RBI’S GUIDELINES ON STATE ‘GUARANTEES’ ON BORROWINGS
Recently, the Reserve Bank of India (RBI) constituted a Working Group to address issues related to guarantees extended by State governments.
This initiative aims to manage fiscal risks associated with guarantees, a legal obligation to protect investors/lenders from borrower default.
Guarantees involve three parties: the principal debtor, creditor, and surety (State governments).
The group’s recommendations focus on defining guarantees, ensuring responsible usage, risk assessment, fees, and disclosures to mitigate fiscal strains.
Constituting a Guarantee:
- Definition: A guarantee, as per the Indian Contracts Act, involves a legal obligation for a State to make payments, protecting the creditor from the principal debtor’s default.
- Three Parties Involved: It includes the principal debtor (party owing a debt), creditor (party receiving the guarantee), and surety (State government ensuring payment in case of default).
- Purpose: Guarantees are commonly used for seeking concessional loans, enhancing project viability, and securing resources at better terms for public sector enterprises.
Issues with Guarantees:
- Guarantees pose fiscal risks, leading to unforeseen cash outflows and increased state debt.
- States grant guarantees on behalf of various entities, and the lack of upfront cash payment makes it a widely used but risky instrument.
Key Recommendations:
Definition of Guarantee:
- Guarantees should encompass all instruments creating an obligation on the State to make future payments on behalf of the borrower.
- No distinction should be made based on conditions, ensuring a comprehensive assessment of fiscal risks.
Limits and Conditions:
- Government guarantees should not substitute state budgetary resources.
- Adherence to guidelines: Guarantees only for the principal amount, not exceeding 80% of the project loan, and not for External Commercial Borrowings.
- Preconditions include the guarantee period, levy of fees to cover risk, government representation on the management board, and the right to audit.
Risk Determination, Fee, and Ceiling:
- States should categorize guarantees as high, medium, or low risk based on the entity’s default history.
- Minimum guarantee fee set at 2.5% per annum.
- Imposing a ceiling on guarantees, limited to 5% of Revenue Receipts or 0.5% of Gross State Domestic Product (GSDP), whichever is lower.
Disclosures and Honouring Commitments:
- RBI should suggest banks to disclose credit given to State-owned entities with guarantees.
- Need for a comprehensive database to track guarantees, proposing a dedicated unit at the State level.
- Timely honoring of guarantees is crucial for maintaining credibility, and delays could harm the State government’s reputation.
Types of Guarantees Given by the Government:
- Guarantees for repayment of principal and payment of interest to RBIs, banks, and financial institutions.

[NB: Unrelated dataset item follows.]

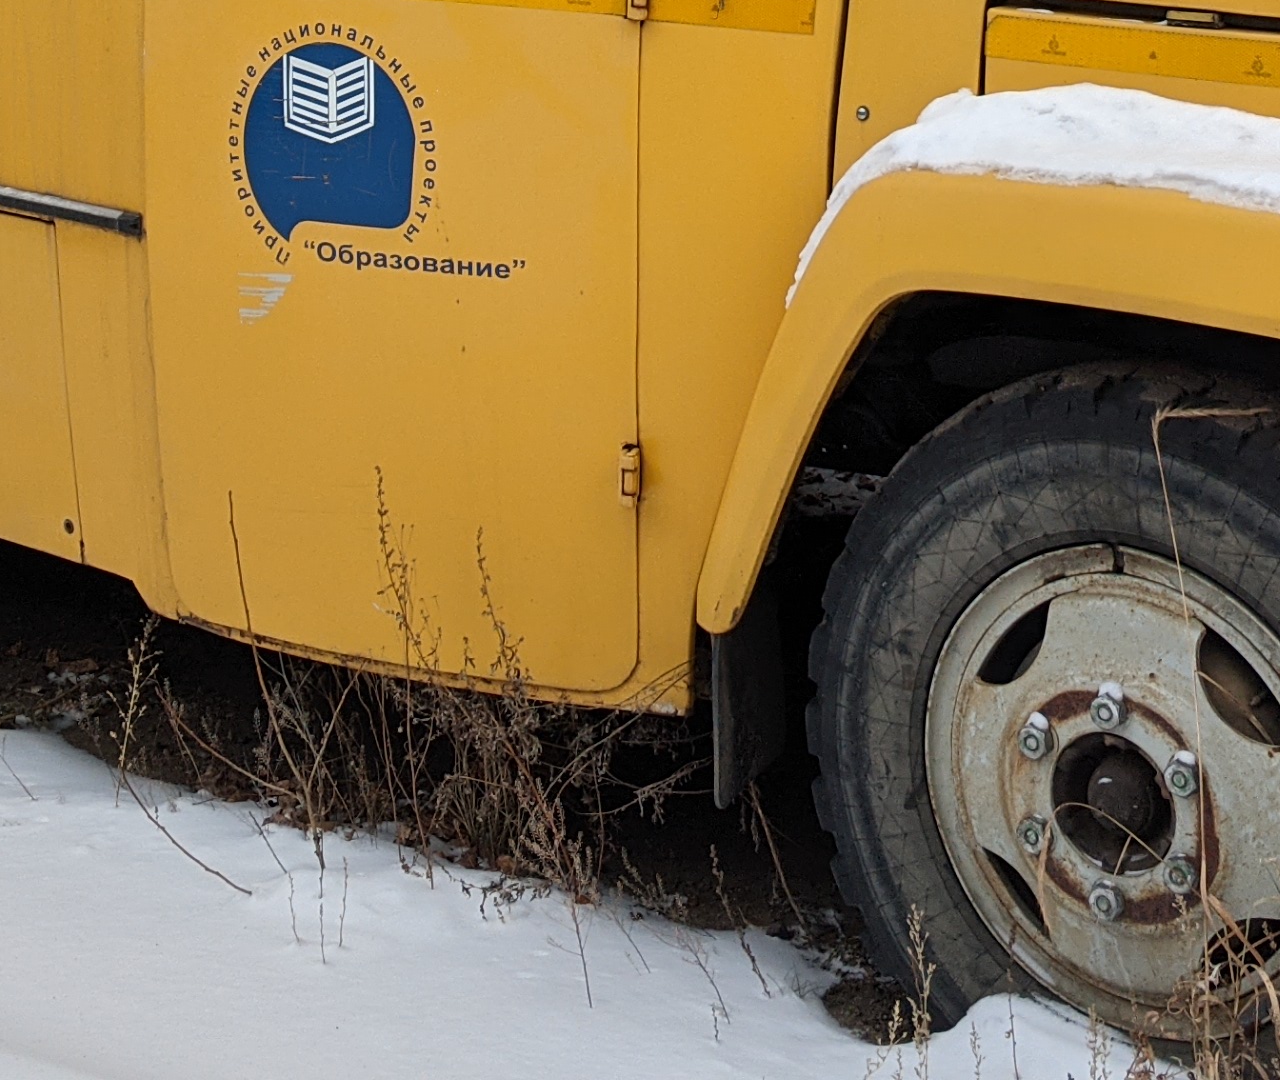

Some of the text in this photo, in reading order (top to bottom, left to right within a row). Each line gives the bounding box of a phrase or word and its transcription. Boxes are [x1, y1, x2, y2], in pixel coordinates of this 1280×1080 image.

[228, 22, 438, 266] Приоритетные национальные проекты

- Guarantees related to agreements with international financial institutions.
- Counter-guarantees to banks for credit issued to foreign suppliers.
- Guarantees for railways/state electricity boards for due payments.
- Performance guarantees for contracts/projects awarded to Indian or foreign companies abroad.
Conclusion:
The RBI’s Working Group recommendations aim to ensure responsible and transparent use of guarantees by State governments, addressing fiscal risks and promoting sound financial practices. These guidelines, if implemented effectively, can contribute to fiscal prudence and better risk management in the context of state-level financial commitments.